Il Cavaliere: “via il governo tecnico, è ora che l’Italia abbia un altro esecutivo. Scendo in campo per senso di responsabilità e salvare il nostro Paese da scorciatoie populiste. Per le elezioni va bene la data del 10 marzo”

Silvio Berlusconi

Silvio Berlusconi lancia la sfida. «Palazzo Chigi non mi è mai mancato neanche per un minuto. Ritorno con senso di disperazione a interessarmi della cosa pubblica e lo faccio ancora una volta per senso di responsabilita. Entro in gara per vincere. Anche quando facevo sport, lavoravo, studiavo, non sono mai entrato in una gara per ottenere un buon posizionamento, ma sono sempre entrato in gara per vincere».

Per l’ex premier la data del 10 marzo per le elezioni va bene: «Via il governo tecnico – ha detto – E’ ora che l’Italia abbia un esecutivo diverso».
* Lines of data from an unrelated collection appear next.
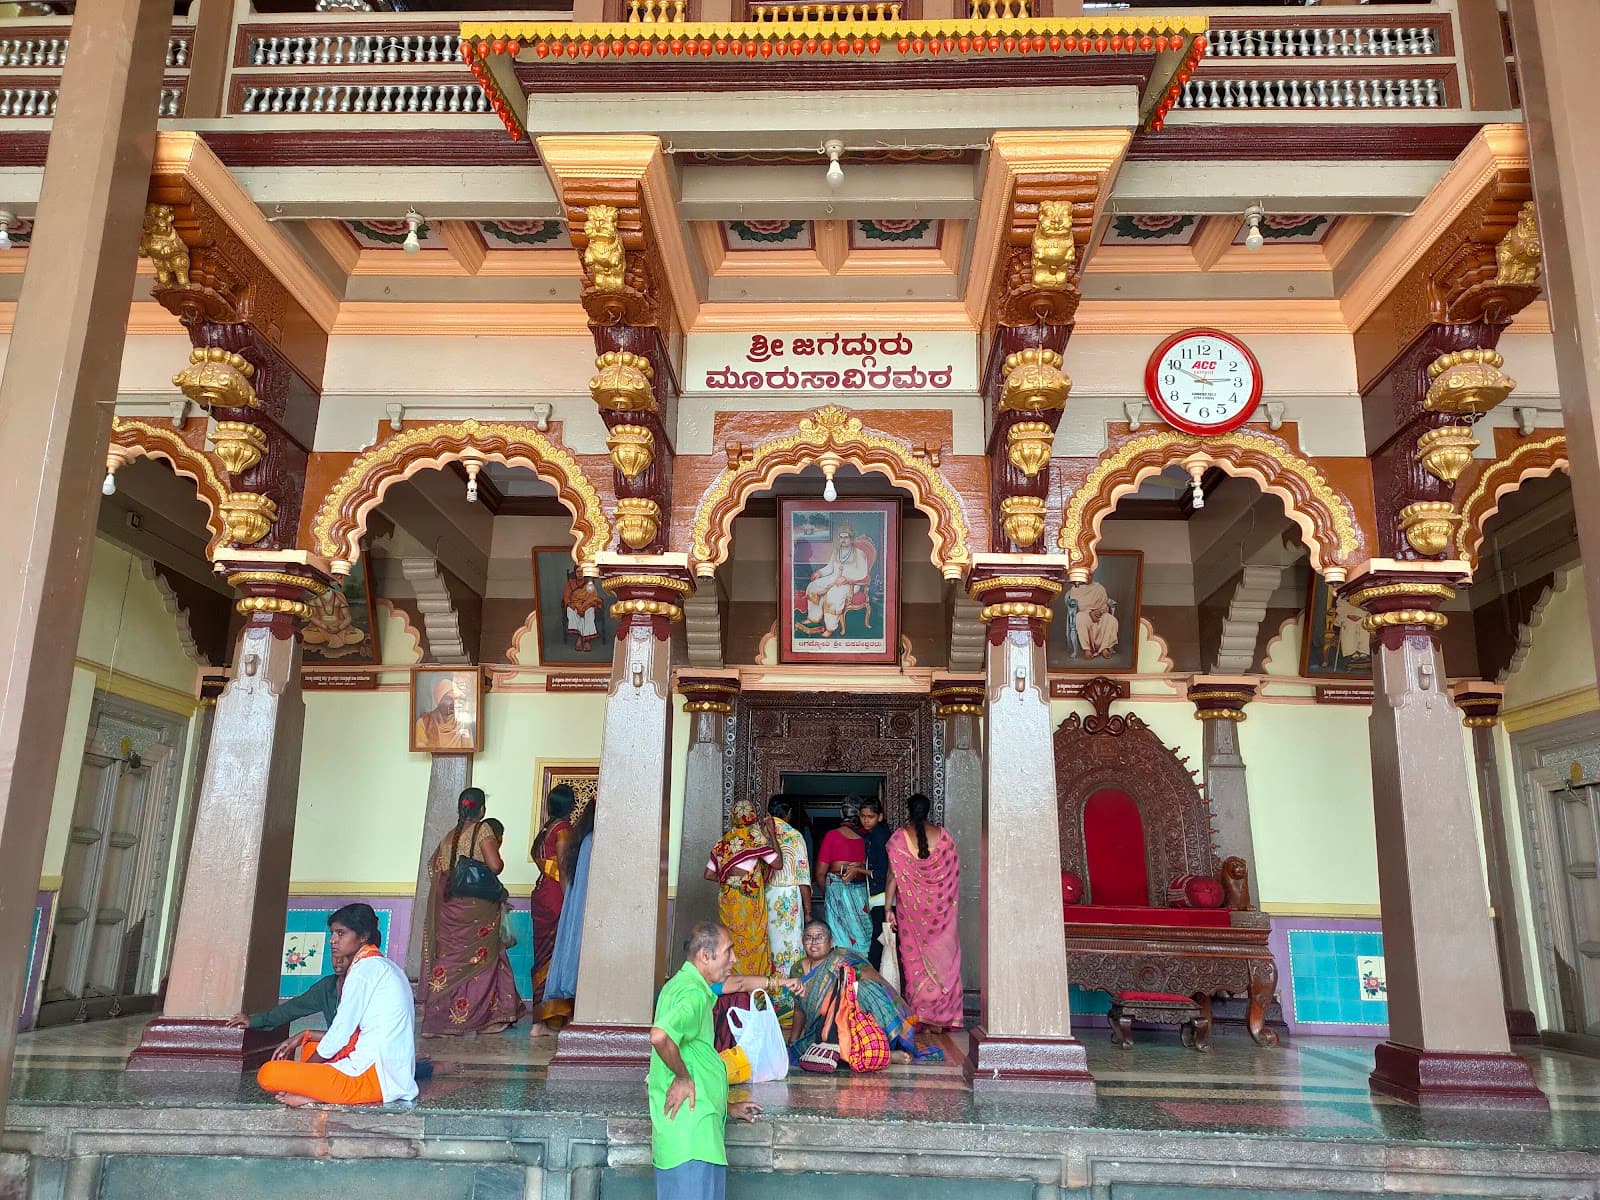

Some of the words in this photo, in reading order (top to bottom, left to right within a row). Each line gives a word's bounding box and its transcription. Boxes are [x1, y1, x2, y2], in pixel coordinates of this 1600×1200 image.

[746, 334, 784, 363] ಶ್ರೀ
[792, 333, 913, 368] ಜಗದ್ಗುರು
[1181, 348, 1192, 359] 11
[1198, 344, 1211, 355] 12
[1218, 349, 1223, 360] 1
[1168, 359, 1182, 370] 10
[1192, 360, 1217, 370] ACC
[1229, 361, 1238, 372] 2
[705, 365, 953, 389] ಮೂರುಸಾವಿರಮಠ
[1164, 375, 1175, 385] 9
[1233, 377, 1243, 388] 3
[1170, 390, 1179, 401] 8
[1228, 392, 1237, 403] 4
[1182, 402, 1192, 413] 7
[1199, 407, 1210, 418] 6
[1216, 404, 1227, 415] 5
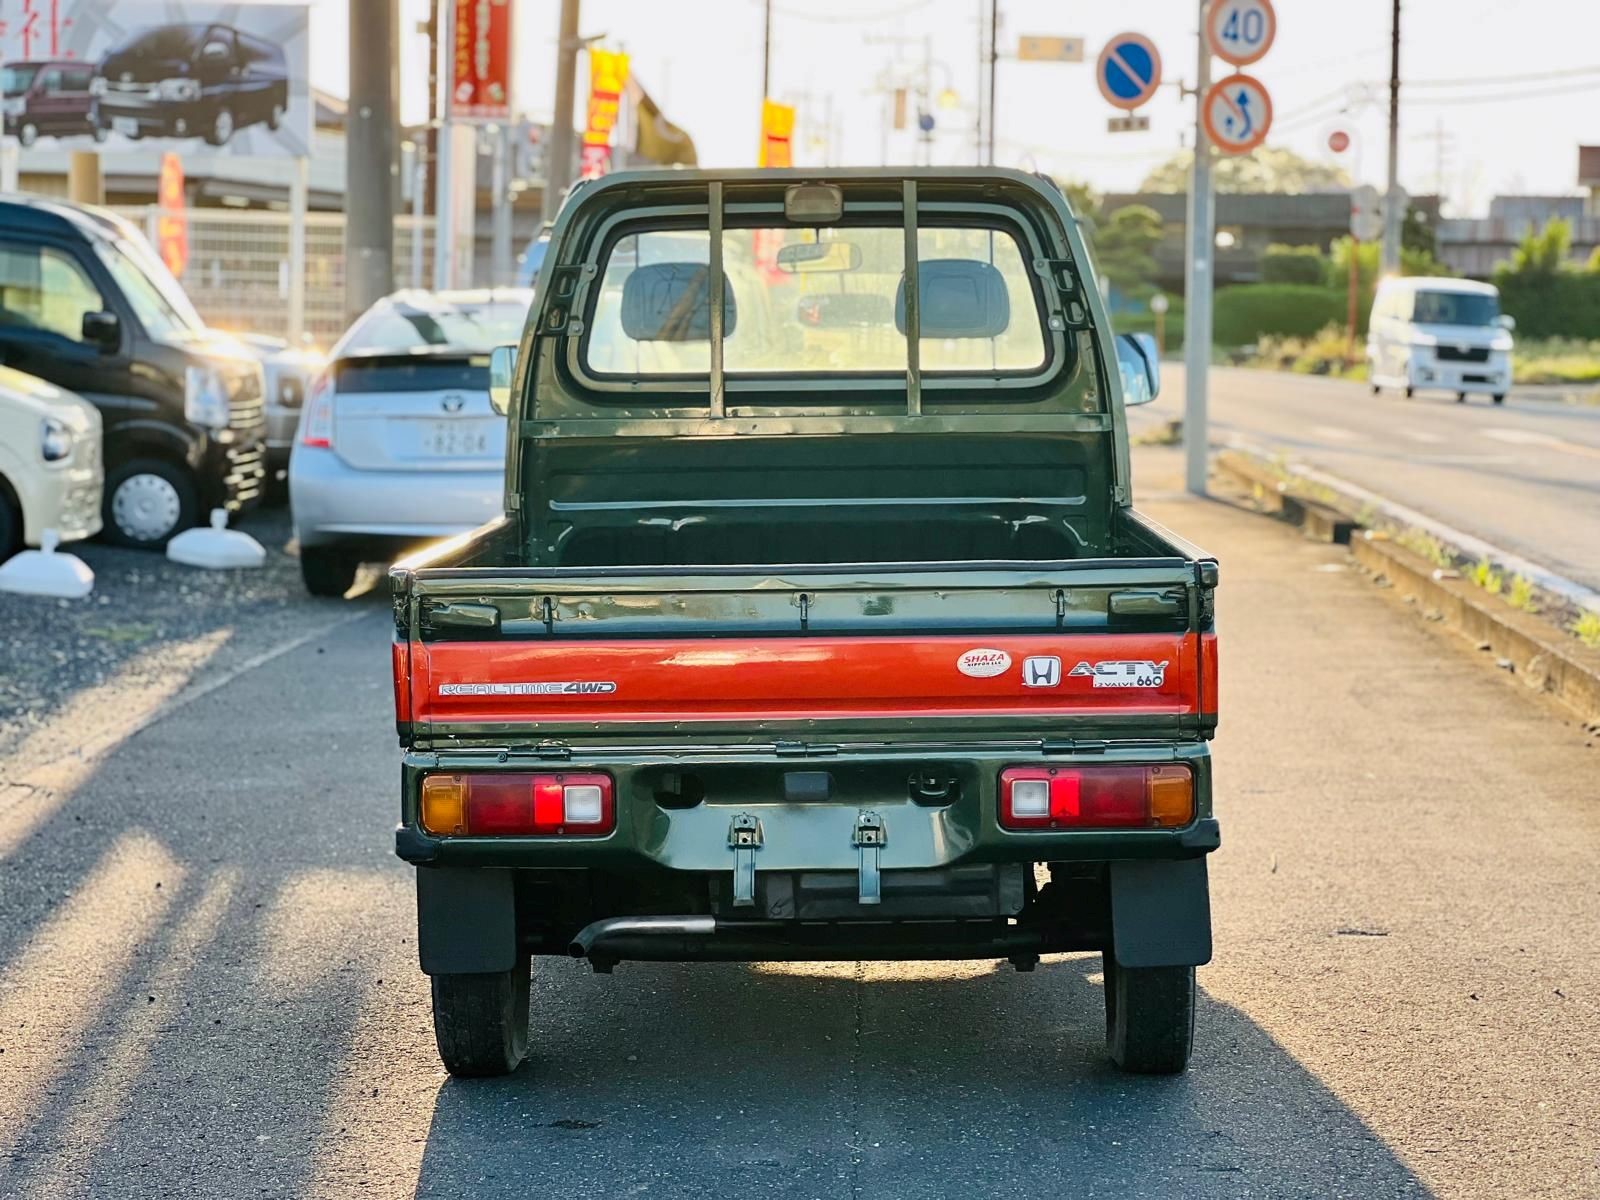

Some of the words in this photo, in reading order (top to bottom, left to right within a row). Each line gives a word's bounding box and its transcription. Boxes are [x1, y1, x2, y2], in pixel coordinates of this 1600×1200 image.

[1222, 8, 1264, 45] 40
[964, 653, 1005, 664] SHAZA
[1069, 661, 1167, 676] ACTY
[1136, 675, 1163, 687] 660
«Via il governo tecnico». «Con grande senso di responsabilità – ha assicurato Berlusconi – continueremo ad appoggiare i provvedimenti che già sono in parlamento a partire dalla legge Finanziaria, ma è giusto che gli italiani tornino a una condizione che sia diversa da quella di un governo tecnico».
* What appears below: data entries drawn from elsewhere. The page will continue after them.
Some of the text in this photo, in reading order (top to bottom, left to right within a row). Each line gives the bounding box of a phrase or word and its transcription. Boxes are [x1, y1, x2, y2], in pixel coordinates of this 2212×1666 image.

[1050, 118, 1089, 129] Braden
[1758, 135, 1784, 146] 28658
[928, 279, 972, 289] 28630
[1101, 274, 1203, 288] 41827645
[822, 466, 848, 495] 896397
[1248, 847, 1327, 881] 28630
«Non abbiamo trovato un altro leader». «Era chiaro a tutti che ci volesse un leader riconosciuto – ha detto l’ex premier – abbiamo cercato un Berlusconi del ’94 e non lo abbiamo trovato, ma non è che non lo abbiamo cercato, lo abbiamo cercato eccome, ma ‘el ghe nò».
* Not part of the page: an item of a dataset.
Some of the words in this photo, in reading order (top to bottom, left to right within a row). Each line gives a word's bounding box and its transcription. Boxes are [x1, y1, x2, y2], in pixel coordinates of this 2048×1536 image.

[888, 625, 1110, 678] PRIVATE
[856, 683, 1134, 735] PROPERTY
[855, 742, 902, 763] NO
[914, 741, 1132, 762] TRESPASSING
«Elezioni, il 10 marzo va bene». «Mi sembra sia stato indicato il 10 marzo e mi sembra una data che va bene» ha detto Berlusconi parlando della data delle prossime elezioni.

«Legge elettorale, spero di cambiarla». «Non so con che legge elettorale si andrà a votare, io spero ancora che verrà cambiata e speriamo si possa fare. C’è poco tempo, ma ce n’è a sufficienza». È quanto ha detto Silvio Berlusconi rispondendo a una domanda sulla legge elettorale a Milanello.